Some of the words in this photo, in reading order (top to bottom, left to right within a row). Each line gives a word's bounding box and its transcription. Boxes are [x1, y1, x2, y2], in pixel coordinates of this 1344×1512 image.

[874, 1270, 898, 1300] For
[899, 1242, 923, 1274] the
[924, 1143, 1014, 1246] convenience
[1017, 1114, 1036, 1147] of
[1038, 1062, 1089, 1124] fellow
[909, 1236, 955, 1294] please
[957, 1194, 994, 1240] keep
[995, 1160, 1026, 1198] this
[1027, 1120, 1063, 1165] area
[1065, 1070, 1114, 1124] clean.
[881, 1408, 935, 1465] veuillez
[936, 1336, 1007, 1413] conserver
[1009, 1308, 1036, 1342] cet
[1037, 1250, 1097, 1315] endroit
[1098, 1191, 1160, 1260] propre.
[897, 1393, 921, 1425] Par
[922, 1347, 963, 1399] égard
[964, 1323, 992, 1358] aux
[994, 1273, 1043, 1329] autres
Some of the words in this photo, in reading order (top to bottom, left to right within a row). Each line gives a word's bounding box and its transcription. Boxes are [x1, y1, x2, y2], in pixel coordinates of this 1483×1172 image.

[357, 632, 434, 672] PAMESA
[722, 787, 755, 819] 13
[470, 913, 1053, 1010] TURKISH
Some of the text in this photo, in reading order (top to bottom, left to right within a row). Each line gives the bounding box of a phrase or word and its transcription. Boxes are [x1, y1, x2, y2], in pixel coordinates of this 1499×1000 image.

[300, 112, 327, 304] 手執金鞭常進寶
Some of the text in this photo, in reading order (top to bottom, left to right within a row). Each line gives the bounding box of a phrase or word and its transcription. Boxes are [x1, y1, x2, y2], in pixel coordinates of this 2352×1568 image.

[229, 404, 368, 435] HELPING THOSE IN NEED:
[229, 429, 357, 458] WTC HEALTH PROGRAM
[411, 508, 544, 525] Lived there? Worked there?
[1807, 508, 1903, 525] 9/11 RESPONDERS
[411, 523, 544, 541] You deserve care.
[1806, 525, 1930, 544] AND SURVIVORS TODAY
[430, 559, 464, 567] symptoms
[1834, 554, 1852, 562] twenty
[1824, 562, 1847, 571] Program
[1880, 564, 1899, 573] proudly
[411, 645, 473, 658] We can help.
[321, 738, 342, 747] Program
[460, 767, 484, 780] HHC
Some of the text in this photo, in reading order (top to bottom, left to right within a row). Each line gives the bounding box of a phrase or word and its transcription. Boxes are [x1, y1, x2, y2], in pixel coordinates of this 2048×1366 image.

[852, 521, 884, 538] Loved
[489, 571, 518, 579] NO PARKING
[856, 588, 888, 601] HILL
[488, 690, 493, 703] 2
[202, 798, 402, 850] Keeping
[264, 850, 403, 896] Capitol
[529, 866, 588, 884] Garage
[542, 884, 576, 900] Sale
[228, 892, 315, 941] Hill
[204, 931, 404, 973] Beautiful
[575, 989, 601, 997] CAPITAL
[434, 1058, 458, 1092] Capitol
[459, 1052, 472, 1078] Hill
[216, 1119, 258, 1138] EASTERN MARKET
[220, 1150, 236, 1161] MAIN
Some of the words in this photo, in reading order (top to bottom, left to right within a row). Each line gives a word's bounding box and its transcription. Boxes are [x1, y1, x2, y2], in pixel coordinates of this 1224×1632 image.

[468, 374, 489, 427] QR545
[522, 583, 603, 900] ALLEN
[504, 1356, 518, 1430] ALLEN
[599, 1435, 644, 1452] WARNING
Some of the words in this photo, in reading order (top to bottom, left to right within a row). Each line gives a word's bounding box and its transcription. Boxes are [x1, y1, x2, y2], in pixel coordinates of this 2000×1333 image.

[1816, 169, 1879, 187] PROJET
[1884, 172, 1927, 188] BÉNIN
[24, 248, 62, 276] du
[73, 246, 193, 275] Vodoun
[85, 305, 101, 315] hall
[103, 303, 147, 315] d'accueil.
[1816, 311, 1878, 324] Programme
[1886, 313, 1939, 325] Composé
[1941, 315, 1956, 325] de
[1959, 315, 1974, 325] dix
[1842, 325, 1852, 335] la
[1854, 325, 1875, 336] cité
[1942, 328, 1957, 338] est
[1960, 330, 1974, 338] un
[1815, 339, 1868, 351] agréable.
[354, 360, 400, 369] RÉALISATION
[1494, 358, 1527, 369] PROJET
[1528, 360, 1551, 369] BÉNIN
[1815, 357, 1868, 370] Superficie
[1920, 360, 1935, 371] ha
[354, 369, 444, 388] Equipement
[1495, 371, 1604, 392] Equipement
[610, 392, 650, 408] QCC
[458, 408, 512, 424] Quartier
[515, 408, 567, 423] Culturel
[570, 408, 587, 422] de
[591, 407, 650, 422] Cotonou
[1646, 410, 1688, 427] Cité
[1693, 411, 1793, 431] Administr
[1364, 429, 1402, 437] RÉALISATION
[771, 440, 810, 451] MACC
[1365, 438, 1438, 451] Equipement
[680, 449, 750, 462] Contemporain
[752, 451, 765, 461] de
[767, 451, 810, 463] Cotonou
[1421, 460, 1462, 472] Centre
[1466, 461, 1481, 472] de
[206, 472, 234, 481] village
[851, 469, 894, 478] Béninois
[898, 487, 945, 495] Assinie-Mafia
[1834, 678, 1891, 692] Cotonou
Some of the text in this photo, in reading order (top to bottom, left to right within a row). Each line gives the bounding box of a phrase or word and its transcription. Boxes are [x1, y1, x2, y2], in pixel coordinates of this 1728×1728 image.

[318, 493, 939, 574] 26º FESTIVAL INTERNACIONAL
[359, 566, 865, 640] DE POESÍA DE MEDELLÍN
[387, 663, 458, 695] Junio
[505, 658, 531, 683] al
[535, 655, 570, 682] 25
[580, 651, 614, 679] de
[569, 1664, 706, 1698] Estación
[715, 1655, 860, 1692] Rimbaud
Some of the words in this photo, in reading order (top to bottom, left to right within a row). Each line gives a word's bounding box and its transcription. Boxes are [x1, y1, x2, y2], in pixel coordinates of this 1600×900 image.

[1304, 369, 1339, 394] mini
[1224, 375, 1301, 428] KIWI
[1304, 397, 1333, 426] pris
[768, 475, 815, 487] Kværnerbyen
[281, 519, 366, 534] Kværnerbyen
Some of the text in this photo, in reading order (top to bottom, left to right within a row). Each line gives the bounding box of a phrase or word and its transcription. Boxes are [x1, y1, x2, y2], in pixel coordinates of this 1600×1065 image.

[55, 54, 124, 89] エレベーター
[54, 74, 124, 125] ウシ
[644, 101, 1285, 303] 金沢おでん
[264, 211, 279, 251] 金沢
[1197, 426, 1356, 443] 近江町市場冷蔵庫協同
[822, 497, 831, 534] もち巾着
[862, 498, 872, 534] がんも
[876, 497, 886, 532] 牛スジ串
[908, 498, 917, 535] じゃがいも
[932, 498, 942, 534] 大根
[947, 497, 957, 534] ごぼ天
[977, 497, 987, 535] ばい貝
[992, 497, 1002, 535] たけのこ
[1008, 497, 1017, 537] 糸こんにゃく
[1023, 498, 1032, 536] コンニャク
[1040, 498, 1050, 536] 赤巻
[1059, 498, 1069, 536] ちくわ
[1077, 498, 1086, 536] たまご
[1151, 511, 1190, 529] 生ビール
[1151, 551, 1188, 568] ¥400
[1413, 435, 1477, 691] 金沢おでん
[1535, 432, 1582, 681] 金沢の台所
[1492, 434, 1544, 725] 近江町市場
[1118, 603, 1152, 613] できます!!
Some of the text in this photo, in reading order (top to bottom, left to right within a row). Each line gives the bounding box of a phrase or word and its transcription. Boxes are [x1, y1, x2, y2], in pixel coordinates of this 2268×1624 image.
════
- [Task description]
Repeat the records. Match them exactly.

- [Response for this exercise]
Some of the words in this photo, in reading order (top to bottom, left to right within a row). Each line gives a word's bounding box and its transcription. Boxes are [x1, y1, x2, y2], in pixel coordinates of this 1344×1512 image.

[874, 1270, 898, 1300] For
[899, 1242, 923, 1274] the
[924, 1143, 1014, 1246] convenience
[1017, 1114, 1036, 1147] of
[1038, 1062, 1089, 1124] fellow
[909, 1236, 955, 1294] please
[957, 1194, 994, 1240] keep
[995, 1160, 1026, 1198] this
[1027, 1120, 1063, 1165] area
[1065, 1070, 1114, 1124] clean.
[881, 1408, 935, 1465] veuillez
[936, 1336, 1007, 1413] conserver
[1009, 1308, 1036, 1342] cet
[1037, 1250, 1097, 1315] endroit
[1098, 1191, 1160, 1260] propre.
[897, 1393, 921, 1425] Par
[922, 1347, 963, 1399] égard
[964, 1323, 992, 1358] aux
[994, 1273, 1043, 1329] autres
Some of the words in this photo, in reading order (top to bottom, left to right within a row). Each line gives a word's bounding box and its transcription. Boxes are [x1, y1, x2, y2], in pixel coordinates of this 1483×1172 image.

[357, 632, 434, 672] PAMESA
[722, 787, 755, 819] 13
[470, 913, 1053, 1010] TURKISH
Some of the text in this photo, in reading order (top to bottom, left to right within a row). Each line gives the bounding box of a phrase or word and its transcription. Boxes are [x1, y1, x2, y2], in pixel coordinates of this 1499×1000 image.

[300, 112, 327, 304] 手執金鞭常進寶
Some of the text in this photo, in reading order (top to bottom, left to right within a row). Each line gives the bounding box of a phrase or word and its transcription. Boxes are [x1, y1, x2, y2], in pixel coordinates of this 2352×1568 image.

[229, 404, 368, 435] HELPING THOSE IN NEED:
[229, 429, 357, 458] WTC HEALTH PROGRAM
[411, 508, 544, 525] Lived there? Worked there?
[1807, 508, 1903, 525] 9/11 RESPONDERS
[411, 523, 544, 541] You deserve care.
[1806, 525, 1930, 544] AND SURVIVORS TODAY
[430, 559, 464, 567] symptoms
[1834, 554, 1852, 562] twenty
[1824, 562, 1847, 571] Program
[1880, 564, 1899, 573] proudly
[411, 645, 473, 658] We can help.
[321, 738, 342, 747] Program
[460, 767, 484, 780] HHC
Some of the text in this photo, in reading order (top to bottom, left to right within a row). Each line gives the bounding box of a phrase or word and its transcription. Boxes are [x1, y1, x2, y2], in pixel coordinates of this 2048×1366 image.

[852, 521, 884, 538] Loved
[489, 571, 518, 579] NO PARKING
[856, 588, 888, 601] HILL
[488, 690, 493, 703] 2
[202, 798, 402, 850] Keeping
[264, 850, 403, 896] Capitol
[529, 866, 588, 884] Garage
[542, 884, 576, 900] Sale
[228, 892, 315, 941] Hill
[204, 931, 404, 973] Beautiful
[575, 989, 601, 997] CAPITAL
[434, 1058, 458, 1092] Capitol
[459, 1052, 472, 1078] Hill
[216, 1119, 258, 1138] EASTERN MARKET
[220, 1150, 236, 1161] MAIN
Some of the words in this photo, in reading order (top to bottom, left to right within a row). Each line gives a word's bounding box and its transcription. Boxes are [x1, y1, x2, y2], in pixel coordinates of this 1224×1632 image.

[468, 374, 489, 427] QR545
[522, 583, 603, 900] ALLEN
[504, 1356, 518, 1430] ALLEN
[599, 1435, 644, 1452] WARNING
Some of the words in this photo, in reading order (top to bottom, left to right within a row). Each line gives a word's bounding box and its transcription. Boxes are [x1, y1, x2, y2], in pixel coordinates of this 2000×1333 image.

[1816, 169, 1879, 187] PROJET
[1884, 172, 1927, 188] BÉNIN
[24, 248, 62, 276] du
[73, 246, 193, 275] Vodoun
[85, 305, 101, 315] hall
[103, 303, 147, 315] d'accueil.
[1816, 311, 1878, 324] Programme
[1886, 313, 1939, 325] Composé
[1941, 315, 1956, 325] de
[1959, 315, 1974, 325] dix
[1842, 325, 1852, 335] la
[1854, 325, 1875, 336] cité
[1942, 328, 1957, 338] est
[1960, 330, 1974, 338] un
[1815, 339, 1868, 351] agréable.
[354, 360, 400, 369] RÉALISATION
[1494, 358, 1527, 369] PROJET
[1528, 360, 1551, 369] BÉNIN
[1815, 357, 1868, 370] Superficie
[1920, 360, 1935, 371] ha
[354, 369, 444, 388] Equipement
[1495, 371, 1604, 392] Equipement
[610, 392, 650, 408] QCC
[458, 408, 512, 424] Quartier
[515, 408, 567, 423] Culturel
[570, 408, 587, 422] de
[591, 407, 650, 422] Cotonou
[1646, 410, 1688, 427] Cité
[1693, 411, 1793, 431] Administr
[1364, 429, 1402, 437] RÉALISATION
[771, 440, 810, 451] MACC
[1365, 438, 1438, 451] Equipement
[680, 449, 750, 462] Contemporain
[752, 451, 765, 461] de
[767, 451, 810, 463] Cotonou
[1421, 460, 1462, 472] Centre
[1466, 461, 1481, 472] de
[206, 472, 234, 481] village
[851, 469, 894, 478] Béninois
[898, 487, 945, 495] Assinie-Mafia
[1834, 678, 1891, 692] Cotonou
Some of the text in this photo, in reading order (top to bottom, left to right within a row). Each line gives the bounding box of a phrase or word and its transcription. Boxes are [x1, y1, x2, y2], in pixel coordinates of this 1728×1728 image.

[318, 493, 939, 574] 26º FESTIVAL INTERNACIONAL
[359, 566, 865, 640] DE POESÍA DE MEDELLÍN
[387, 663, 458, 695] Junio
[505, 658, 531, 683] al
[535, 655, 570, 682] 25
[580, 651, 614, 679] de
[569, 1664, 706, 1698] Estación
[715, 1655, 860, 1692] Rimbaud
Some of the words in this photo, in reading order (top to bottom, left to right within a row). Each line gives a word's bounding box and its transcription. Boxes are [x1, y1, x2, y2], in pixel coordinates of this 1600×900 image.

[1304, 369, 1339, 394] mini
[1224, 375, 1301, 428] KIWI
[1304, 397, 1333, 426] pris
[768, 475, 815, 487] Kværnerbyen
[281, 519, 366, 534] Kværnerbyen
Some of the text in this photo, in reading order (top to bottom, left to right within a row). Each line gives the bounding box of a phrase or word and its transcription. Boxes are [x1, y1, x2, y2], in pixel coordinates of this 1600×1065 image.

[55, 54, 124, 89] エレベーター
[54, 74, 124, 125] ウシ
[644, 101, 1285, 303] 金沢おでん
[264, 211, 279, 251] 金沢
[1197, 426, 1356, 443] 近江町市場冷蔵庫協同
[822, 497, 831, 534] もち巾着
[862, 498, 872, 534] がんも
[876, 497, 886, 532] 牛スジ串
[908, 498, 917, 535] じゃがいも
[932, 498, 942, 534] 大根
[947, 497, 957, 534] ごぼ天
[977, 497, 987, 535] ばい貝
[992, 497, 1002, 535] たけのこ
[1008, 497, 1017, 537] 糸こんにゃく
[1023, 498, 1032, 536] コンニャク
[1040, 498, 1050, 536] 赤巻
[1059, 498, 1069, 536] ちくわ
[1077, 498, 1086, 536] たまご
[1151, 511, 1190, 529] 生ビール
[1151, 551, 1188, 568] ¥400
[1413, 435, 1477, 691] 金沢おでん
[1535, 432, 1582, 681] 金沢の台所
[1492, 434, 1544, 725] 近江町市場
[1118, 603, 1152, 613] できます!!
Some of the text in this photo, in reading order (top to bottom, left to right within a row). Each line gives the bounding box of a phrase or word and its transcription. Boxes are [x1, y1, x2, y2], in pixel coordinates of this 2268×1624 image.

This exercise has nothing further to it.